System setup and notes
Cooler | Corsair Hydro H50 | Thermalright Ultra 120 eXtreme | Intel stock cooler | ||
---|---|---|---|---|---|
Fan | Corsair 120mm | Thermalright 120mm | Intel 92mm | ||
Approx. price at time of writing | £59.79 |
£42.54 £52.31 (with 1,600rpm fan) |
£15 |
||
CPU | Intel Core i7 965 EE @ 3.20GHz (1.2625V in BIOS) and 3.86 GHz (1.3625V in BIOS) | ||||
Chassis | Akasa Omega | ||||
Motherboard | Gigabyte GA-EX58-UD5 | ||||
BIOS revision | F4b |
||||
Memory | 6GB Crucial DDR3-1,066 CL7 | ||||
Graphics Card | Sapphire Radeon HD 4870 512MB | ||||
Mainboard software | Intel
9.1.1.1012 |
||||
Graphics driver | CATALYST 9.6 | ||||
PSU | Corsair HX1000W | ||||
Operating System | Windows Vista Business SP1, 64-bit |
Tests
Benchmarks | Prime95 torture test Lavalys Everest Ultimate 5.0.2 data-logging software Highest stable overclock at 1.40V |
---|
Setup notes
The first set of temperature measurements are taken from the Core i7 965 Extreme Edition (C0 stepping) running at its native speed and voltage - 3.20GHz and 1.2625V, respectively.To stress the coolers some, we've then overclocked the chip to 3.86GHz and raised the processor's Vcore from 1.2625V to 1.3625V to ensure stability and add some real heat into the mix. In this instance, Turbo Boost is turned off.

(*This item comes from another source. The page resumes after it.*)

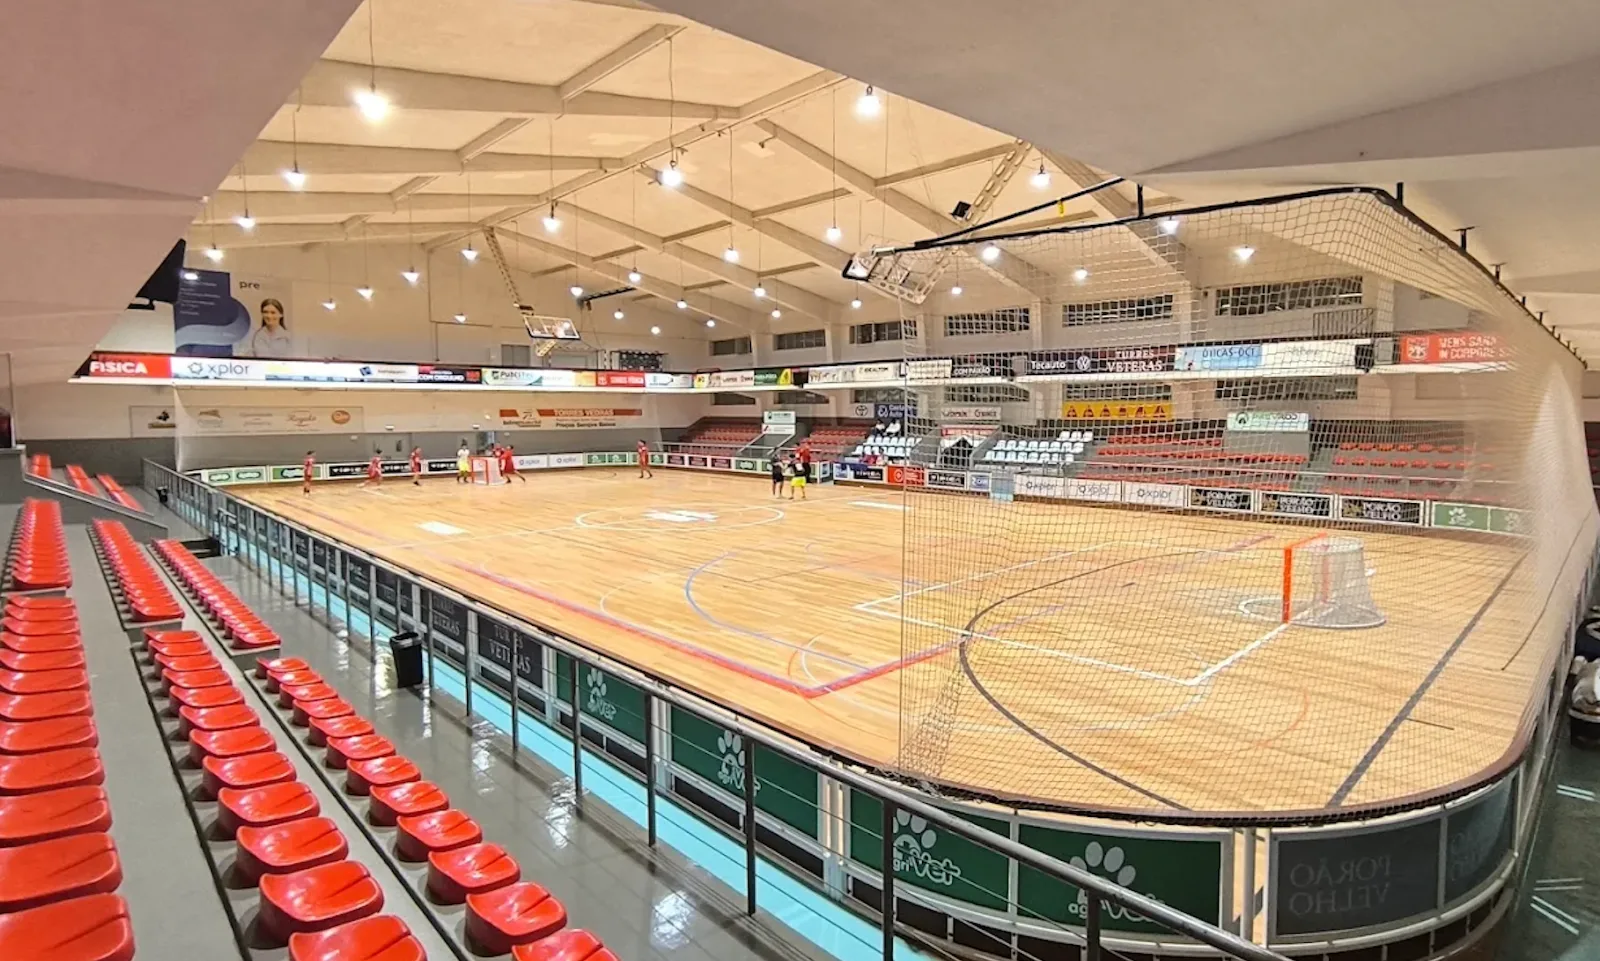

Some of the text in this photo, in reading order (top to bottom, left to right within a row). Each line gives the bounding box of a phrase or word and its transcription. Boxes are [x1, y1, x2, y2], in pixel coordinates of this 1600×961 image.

[239, 280, 260, 290] pre
[1031, 360, 1066, 370] Tecauto
[1107, 360, 1163, 372] VETERAS

The actual Core i7 chip is practically irrelevant because recent D0-stepping Core i7 920s have hit 4GHz-plus on basic air cooling: the premise here is to see how the coolers respond to wicking away the heat produced by an over-volted Nehalem CPU.

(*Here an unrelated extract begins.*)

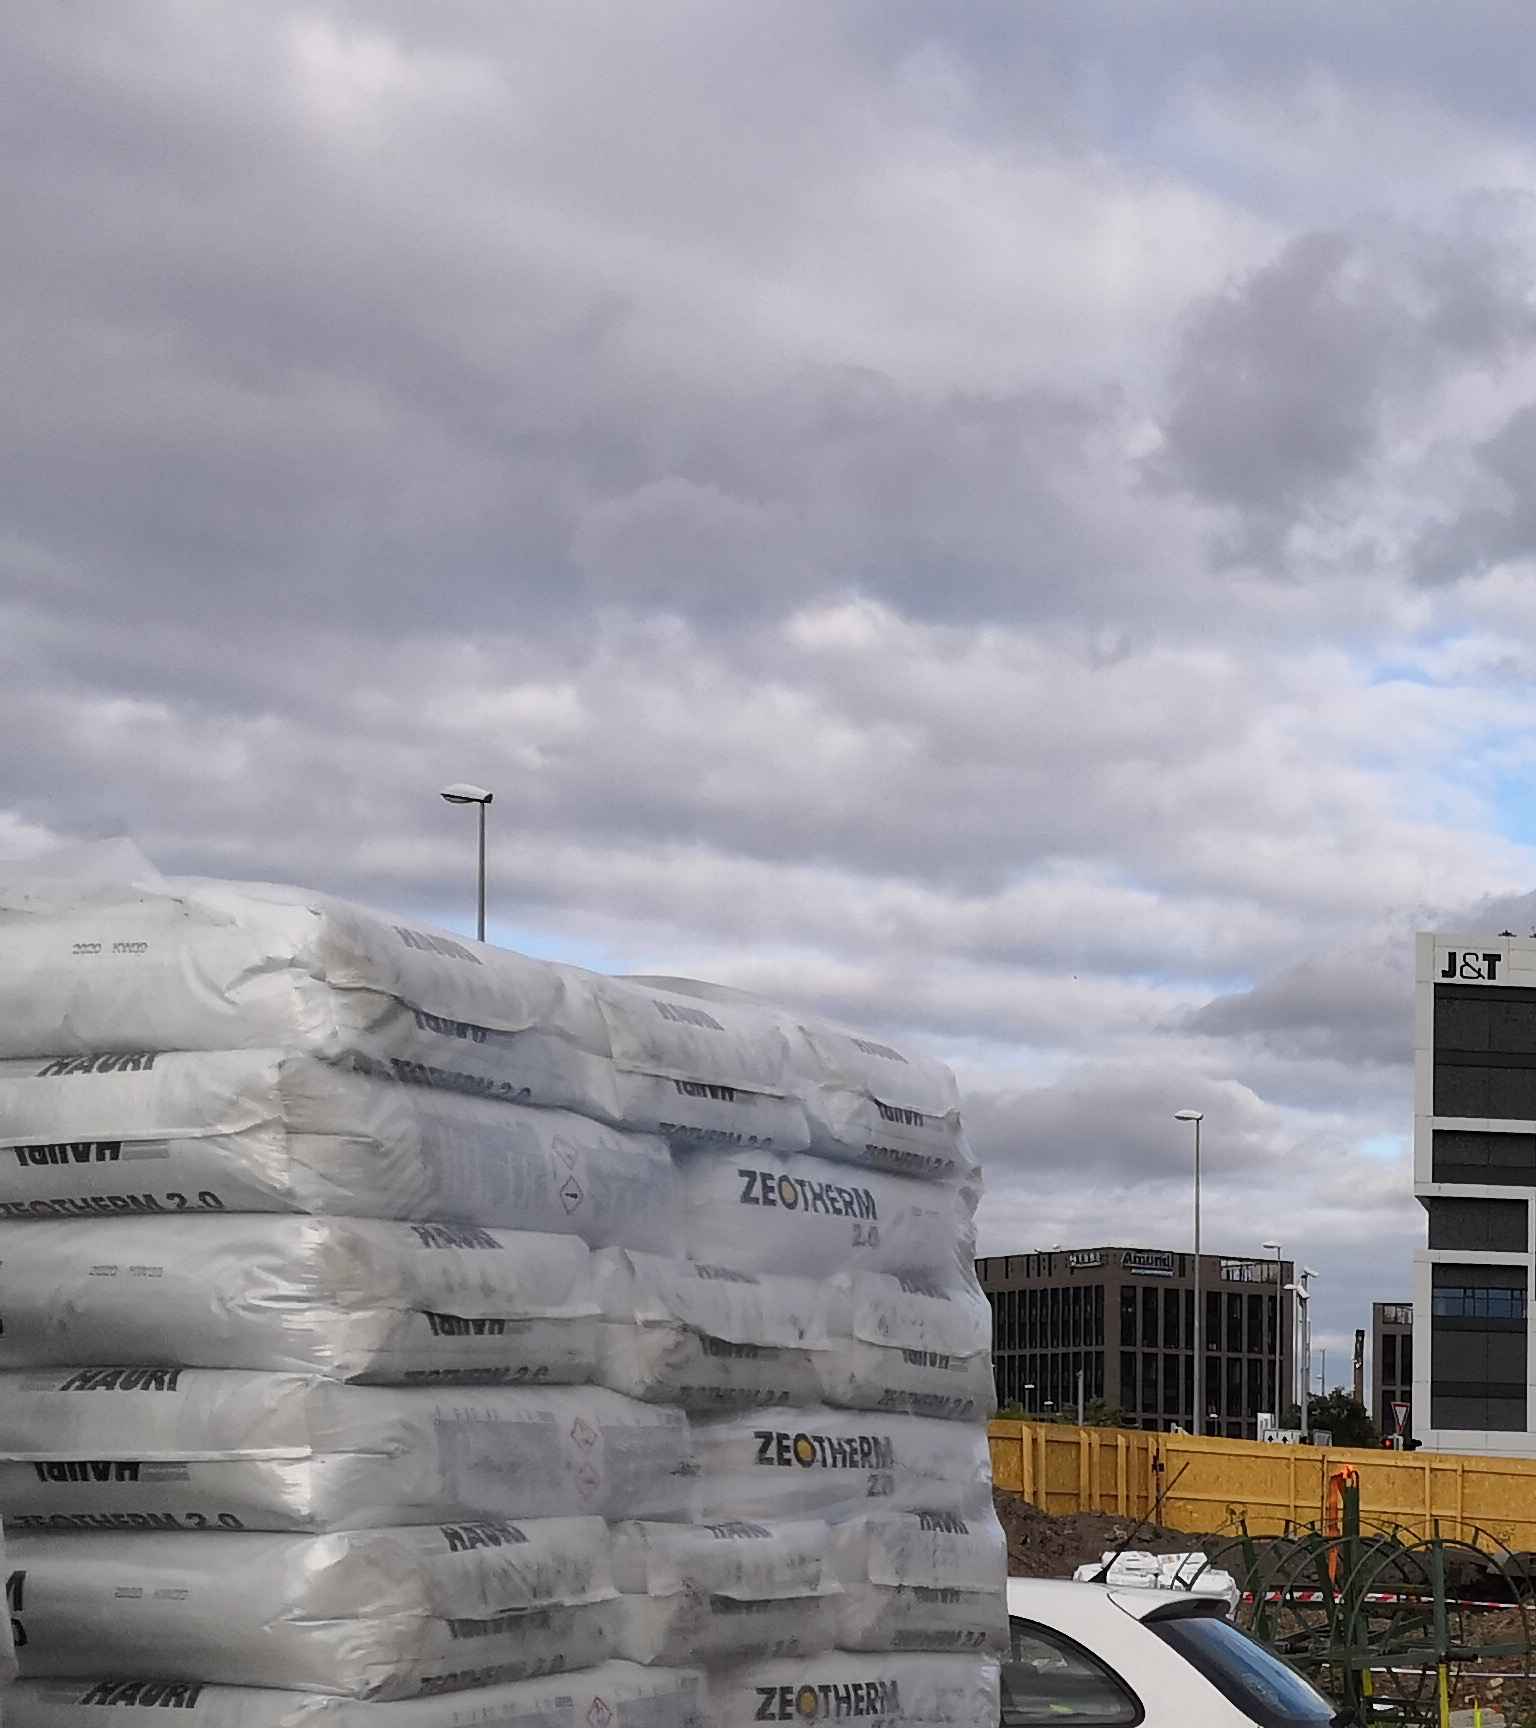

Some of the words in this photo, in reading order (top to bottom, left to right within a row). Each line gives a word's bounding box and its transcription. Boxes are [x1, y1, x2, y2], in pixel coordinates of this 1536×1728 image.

[1441, 951, 1501, 981] J&T
[737, 1169, 878, 1220] ZEOTHERM
[752, 1431, 894, 1470] ZEOTHERM
[754, 1680, 900, 1722] ZEOTHERM

Housed inside an Akasa Omega with the chassis' front fan - 120mm x 25mm - switched on, only one other fan is used, save for the heatsinks'. The case's rear-mounted 120mm fan is removed when testing the Corsair Hydro H50 but put back in place, as an exhaust fan, for the other coolers, as you will see by going back to the previous page.
The Thermalright Ultra eXtreme 120 is a classy LGA1366 cooler which costs around £43 without a fan and £52 with the 1,600rpm-rated 120mm fan that we've tested with. Note that you can add a second fan to the Ultra 120 eXtreme, for better performance.

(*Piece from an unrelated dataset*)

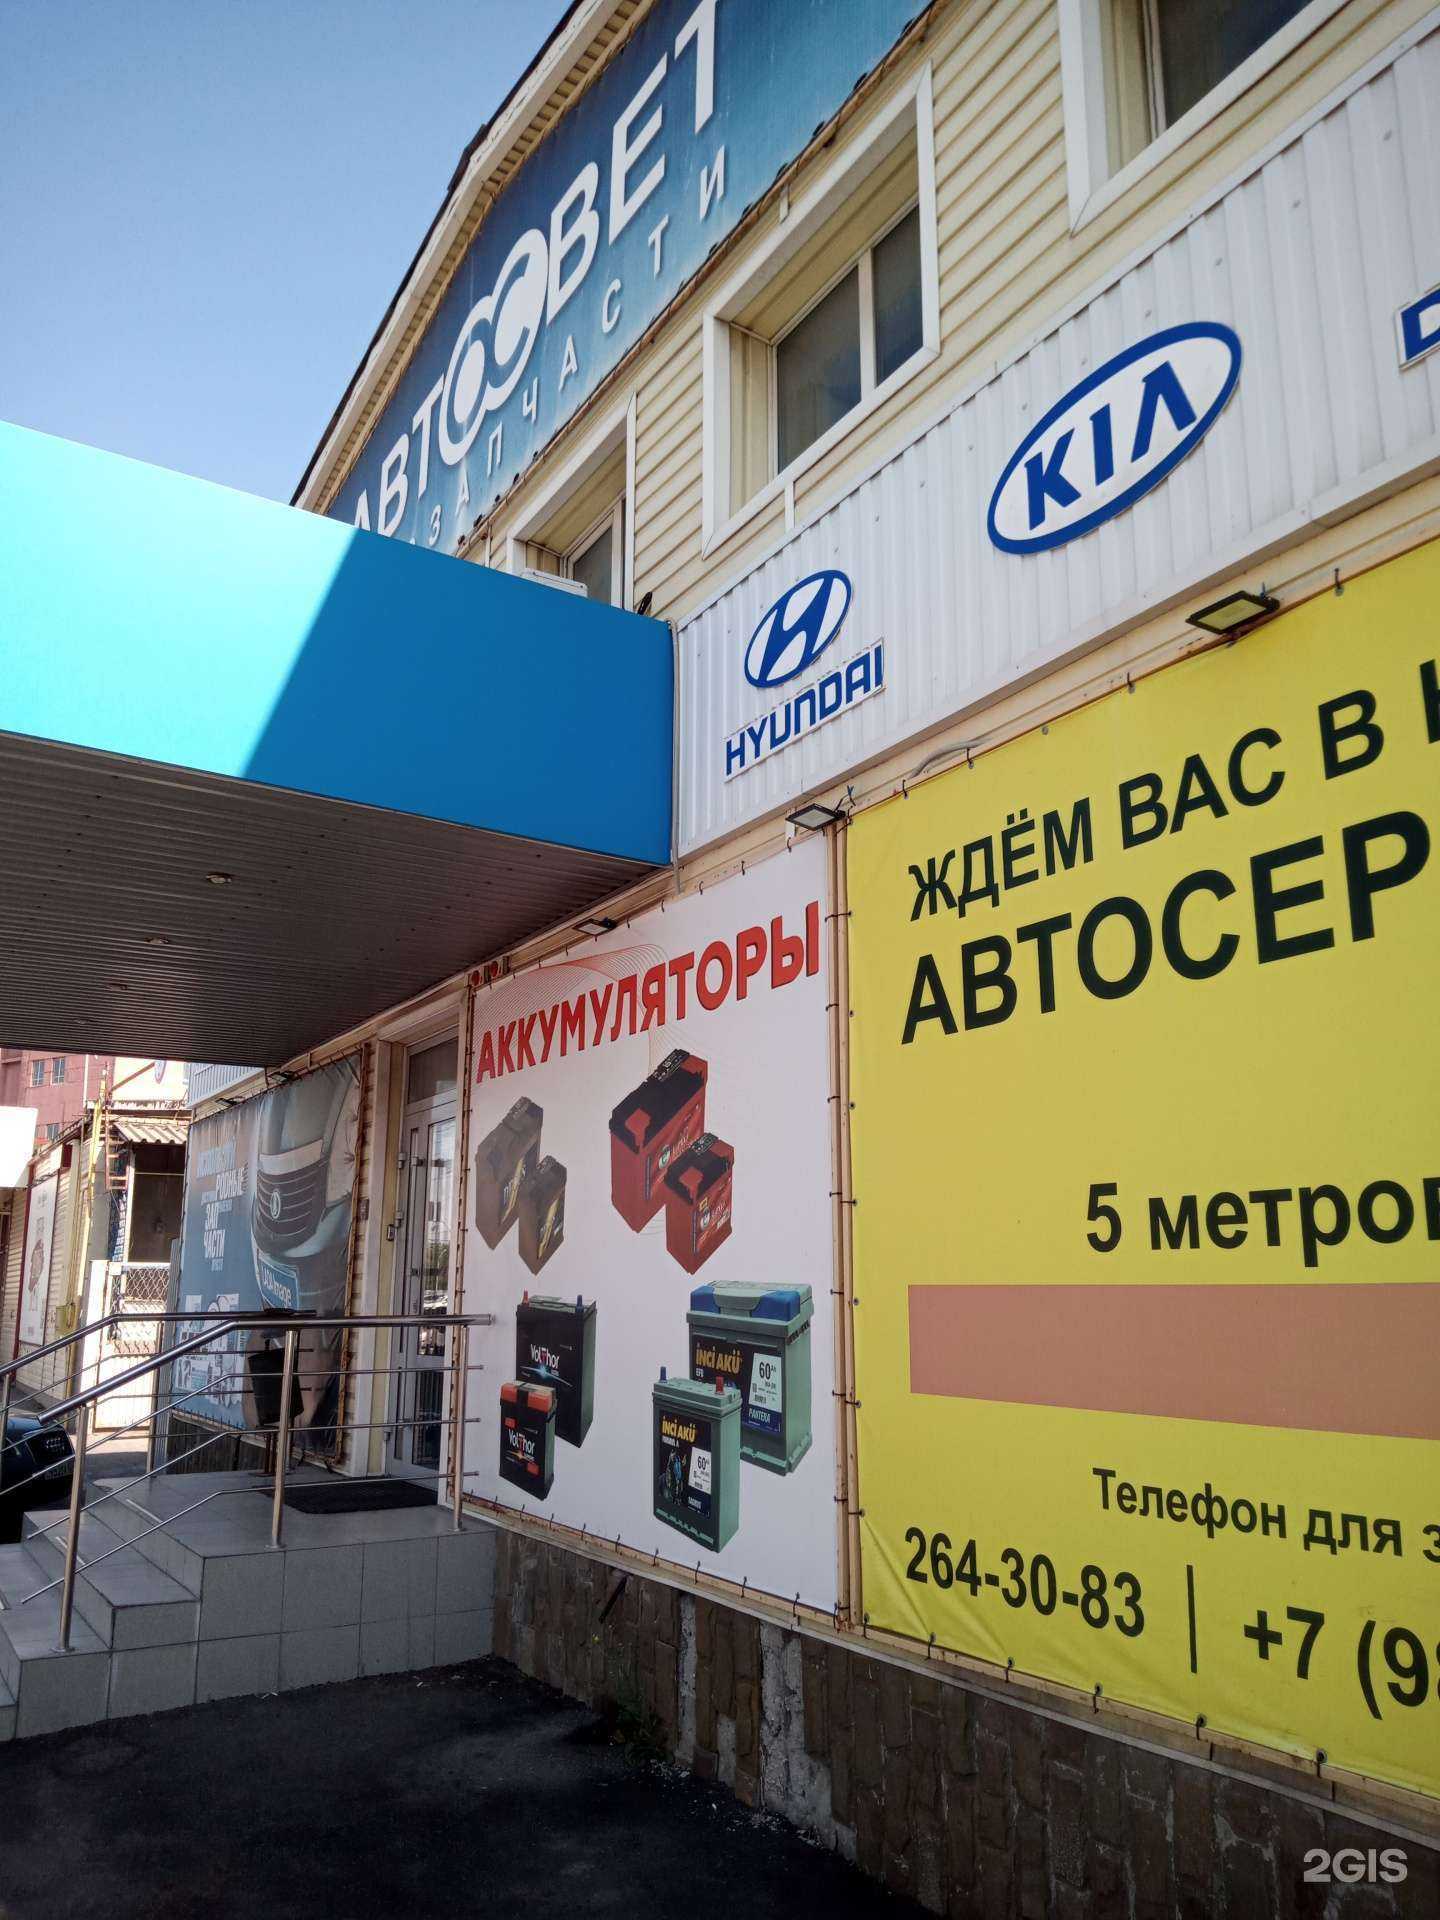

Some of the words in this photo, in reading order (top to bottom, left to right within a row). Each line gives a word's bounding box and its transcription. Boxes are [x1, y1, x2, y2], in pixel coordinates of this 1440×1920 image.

Adding some reference numbers by way of an Intel stock heatsink, as found in the PIB (processor-in-box), the air coolers both use Thermalright's TIM.
The stress is created by running the Prime95 torture test on four (50 per cent load) or eight threads (100 per cent load) for a duration of 30 minutes at a time. The ambient, idle, and load temperatures are noted, as well as aural performance.
Lastly, we investigate the highest stable speed with 1.4V inputted in the BIOS.
We tried to keep the ambient temperature steady during testing: it hovered between 21.2°C and 22.5°C.